● **Activity**
Lines before the one containing "this 2160×1620 image." in the records below are to be left out; that line and all after it, through the end, are to be retyped exactly.

(Available records begins)

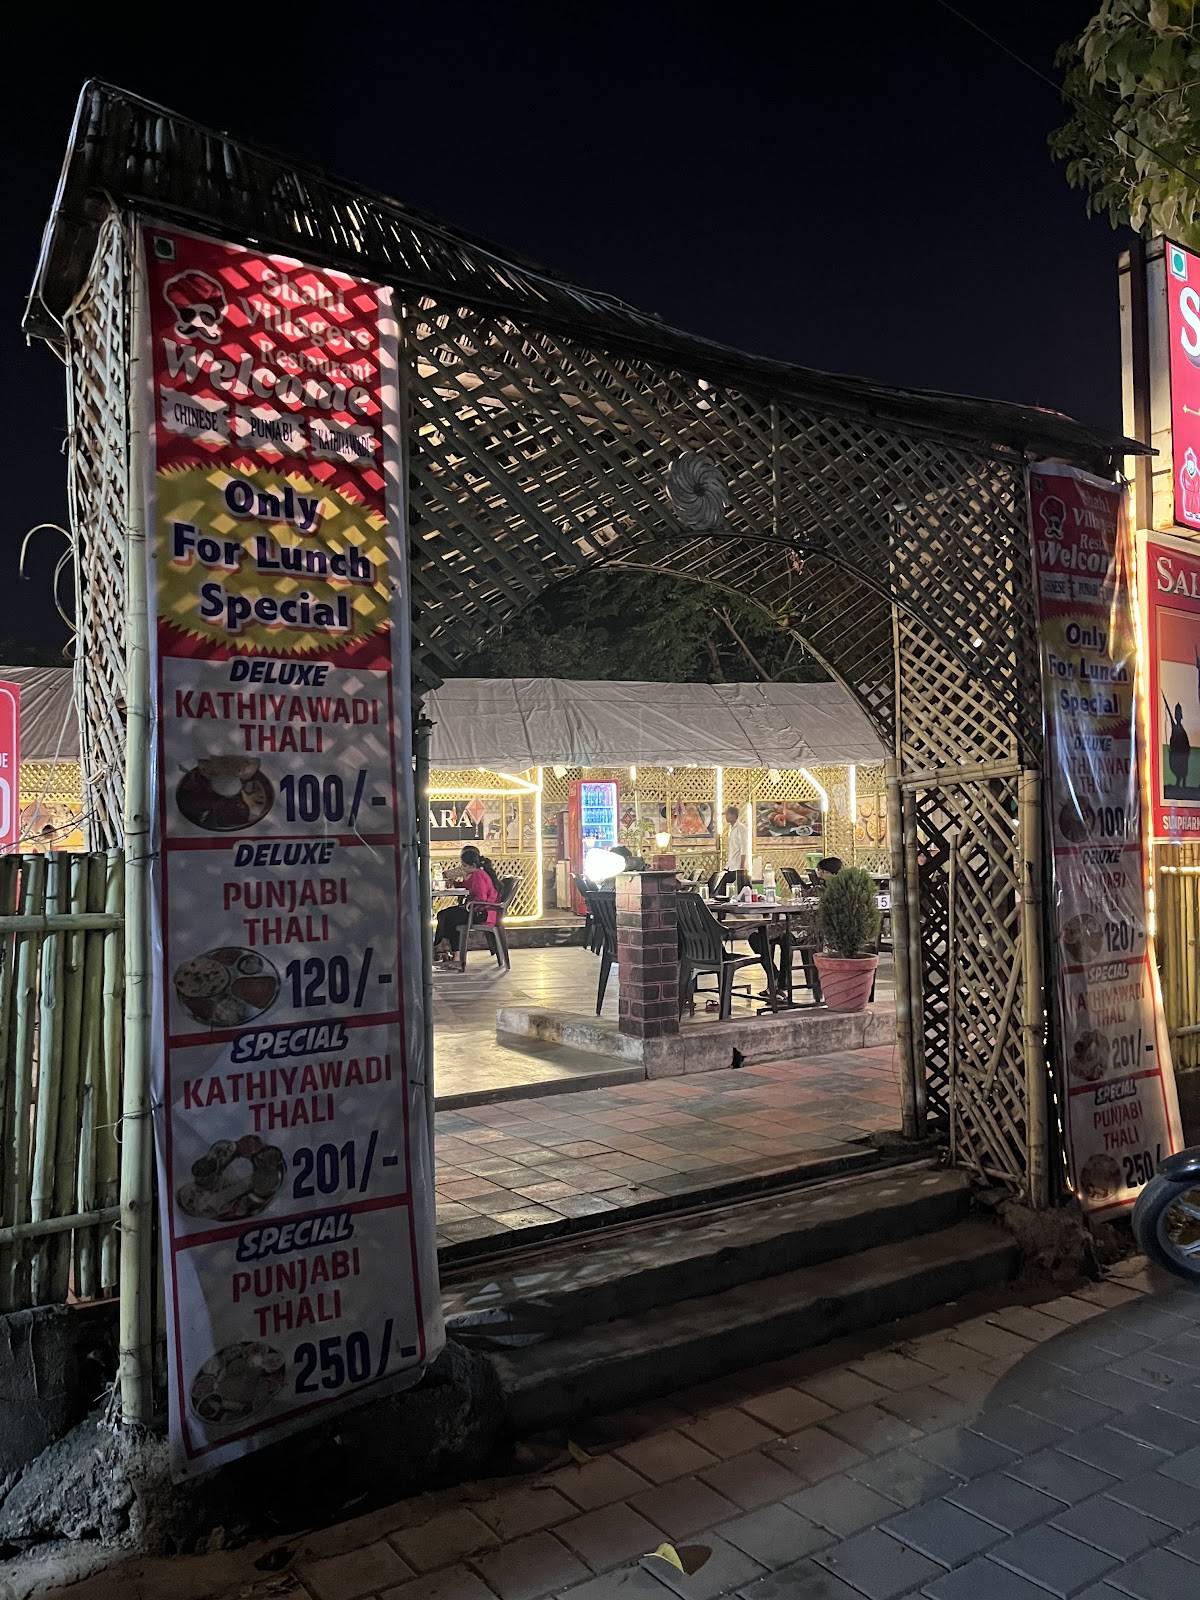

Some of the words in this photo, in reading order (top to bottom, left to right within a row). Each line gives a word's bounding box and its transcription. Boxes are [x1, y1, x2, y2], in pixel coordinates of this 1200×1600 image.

[262, 269, 347, 315] Shahi
[238, 296, 370, 350] Villagers
[162, 337, 369, 416] Welcome
[260, 340, 372, 384] Restaurant
[174, 403, 219, 432] CHINESE
[251, 417, 293, 442] PUNJABI
[224, 480, 320, 530] Only
[174, 522, 241, 566] For
[256, 536, 372, 580] Lunch
[201, 583, 349, 629] Special
[1066, 623, 1107, 652] Only
[230, 660, 329, 687] DELUXE
[1049, 653, 1073, 677] For
[1080, 658, 1128, 682] Lunch
[176, 690, 379, 726] KATHIYAWADI
[1061, 689, 1119, 716] Special
[240, 723, 323, 753] THALI
[279, 769, 386, 827] 100/-
[235, 842, 336, 868] DELUXE
[224, 878, 347, 913] PUNJABI
[881, 896, 888, 908] 5
[244, 915, 329, 946] THALI
[285, 947, 392, 1008] 120/-
[1088, 963, 1128, 983] SPECIAL
[234, 1023, 347, 1062] SPECIAL
[184, 1055, 391, 1110] KATHIYAWADI
[1096, 1078, 1137, 1106] SPECIAL
[249, 1094, 335, 1132] THALI
[1094, 1100, 1143, 1131] PUNJABI
[1103, 1126, 1139, 1151] THALI
[292, 1130, 398, 1199] 201/-
[239, 1214, 352, 1259] SPECIAL
[232, 1248, 360, 1303] PUNJABI
[254, 1290, 341, 1336] THALI
[294, 1318, 416, 1394] 250/-
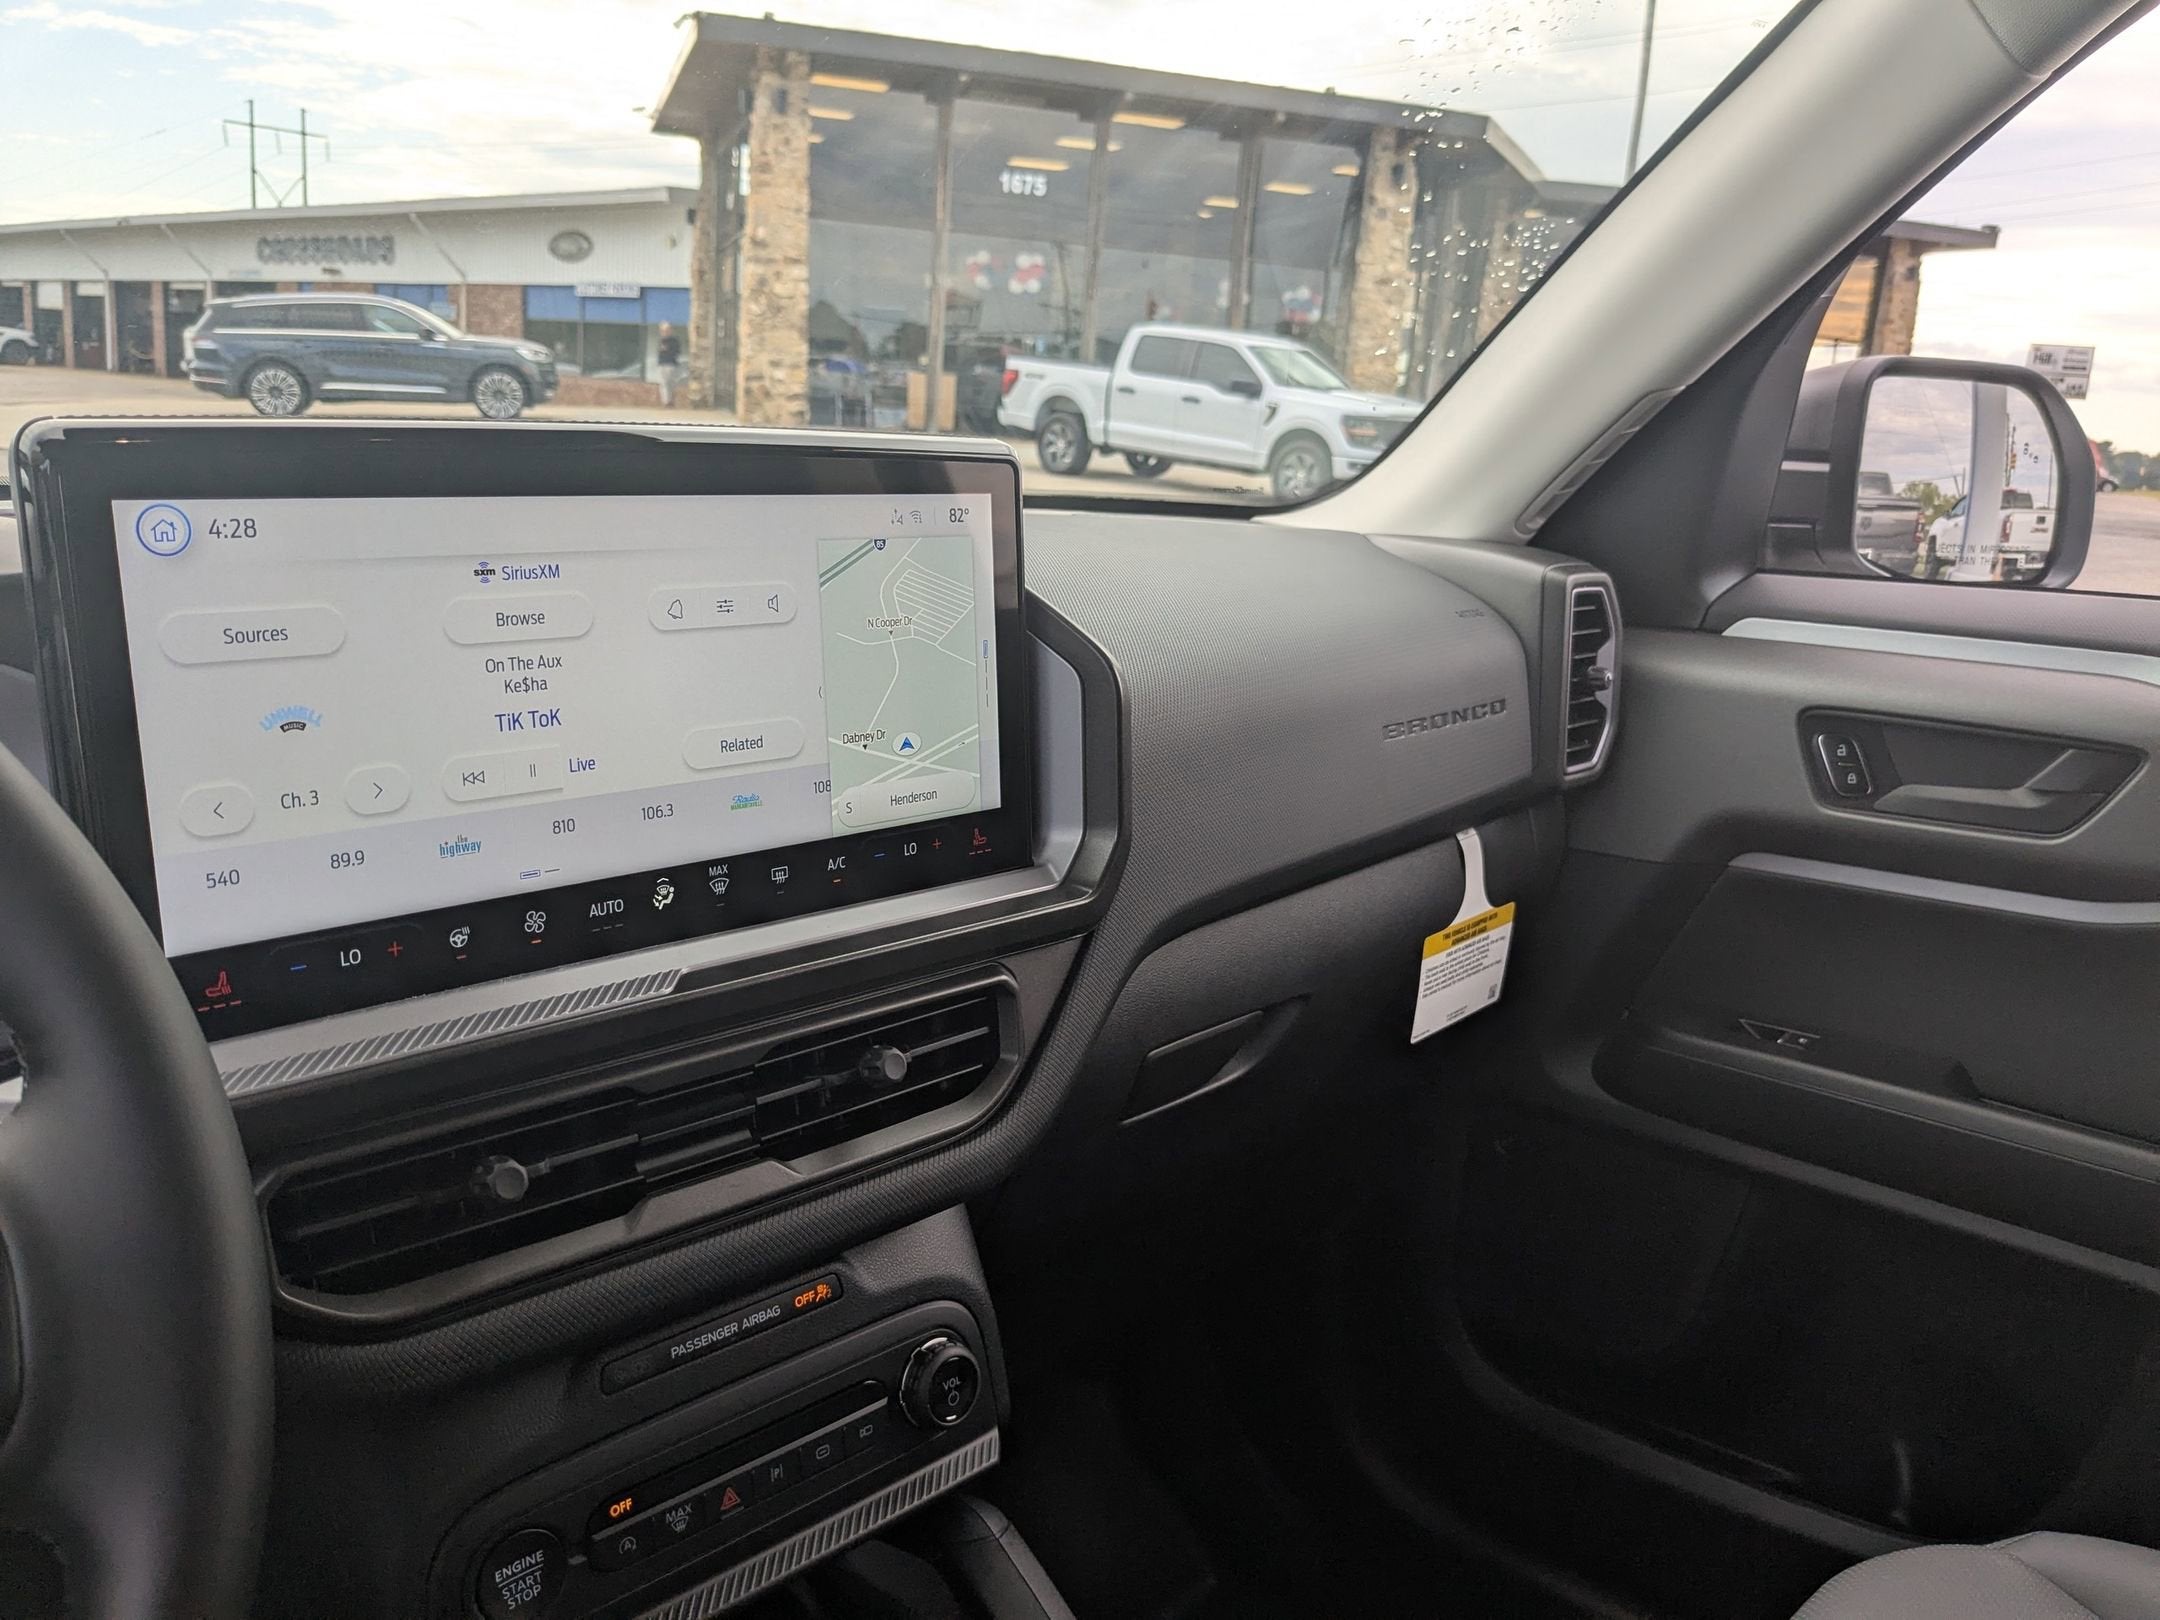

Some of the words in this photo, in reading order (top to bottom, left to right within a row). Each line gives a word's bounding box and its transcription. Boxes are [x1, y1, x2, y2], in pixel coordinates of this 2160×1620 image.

[1000, 172, 1047, 197] 1675
[208, 518, 257, 539] 4:28
[502, 564, 560, 580] SiriusXM
[496, 612, 545, 627] Browse
[867, 618, 874, 630] N
[876, 616, 902, 630] Cooper
[902, 615, 913, 627] Dr
[223, 627, 289, 645] Sources
[485, 659, 504, 673] On
[508, 656, 534, 672] The
[537, 655, 563, 670] Aux
[504, 677, 549, 694] Ke$ha
[495, 712, 524, 732] TiK
[528, 708, 562, 728] ToK
[1382, 698, 1506, 741] BRONCO
[720, 735, 764, 753] Related
[842, 732, 874, 744] Dabney
[875, 729, 886, 740] Dr
[569, 757, 596, 773] Live
[280, 792, 305, 809] Ch.
[309, 790, 320, 806] 3
[846, 802, 853, 814] S
[890, 791, 938, 807] Henderson
[641, 803, 674, 821] 106.3
[552, 818, 576, 835] 810
[440, 841, 481, 858] highway
[904, 842, 917, 856] LO
[330, 850, 365, 869] 89.9
[828, 856, 846, 871] A/C
[206, 869, 240, 889] 540
[709, 864, 728, 876] MAX
[589, 899, 624, 918] AUTO
[340, 948, 361, 967] LO
[795, 1290, 816, 1307] OFF
[670, 1322, 739, 1358] PASSENGER
[742, 1304, 781, 1330] AIRBAG
[942, 1377, 961, 1390] VOL
[609, 1498, 632, 1517] OFF
[665, 1503, 693, 1523] MAX
[495, 1550, 544, 1582] ENGINE
[502, 1571, 542, 1599] START
[508, 1585, 541, 1609] STOP

(Available records ends)

● **Exercise answer**
Some of the words in this photo, in reading order (top to bottom, left to right within a row). Each line gives a word's bounding box and its transcription. Boxes are [x1, y1, x2, y2], in pixel coordinates of this 2160×1620 image.

[1000, 172, 1047, 197] 1675
[208, 518, 257, 539] 4:28
[502, 564, 560, 580] SiriusXM
[496, 612, 545, 627] Browse
[867, 618, 874, 630] N
[876, 616, 902, 630] Cooper
[902, 615, 913, 627] Dr
[223, 627, 289, 645] Sources
[485, 659, 504, 673] On
[508, 656, 534, 672] The
[537, 655, 563, 670] Aux
[504, 677, 549, 694] Ke$ha
[495, 712, 524, 732] TiK
[528, 708, 562, 728] ToK
[1382, 698, 1506, 741] BRONCO
[720, 735, 764, 753] Related
[842, 732, 874, 744] Dabney
[875, 729, 886, 740] Dr
[569, 757, 596, 773] Live
[280, 792, 305, 809] Ch.
[309, 790, 320, 806] 3
[846, 802, 853, 814] S
[890, 791, 938, 807] Henderson
[641, 803, 674, 821] 106.3
[552, 818, 576, 835] 810
[440, 841, 481, 858] highway
[904, 842, 917, 856] LO
[330, 850, 365, 869] 89.9
[828, 856, 846, 871] A/C
[206, 869, 240, 889] 540
[709, 864, 728, 876] MAX
[589, 899, 624, 918] AUTO
[340, 948, 361, 967] LO
[795, 1290, 816, 1307] OFF
[670, 1322, 739, 1358] PASSENGER
[742, 1304, 781, 1330] AIRBAG
[942, 1377, 961, 1390] VOL
[609, 1498, 632, 1517] OFF
[665, 1503, 693, 1523] MAX
[495, 1550, 544, 1582] ENGINE
[502, 1571, 542, 1599] START
[508, 1585, 541, 1609] STOP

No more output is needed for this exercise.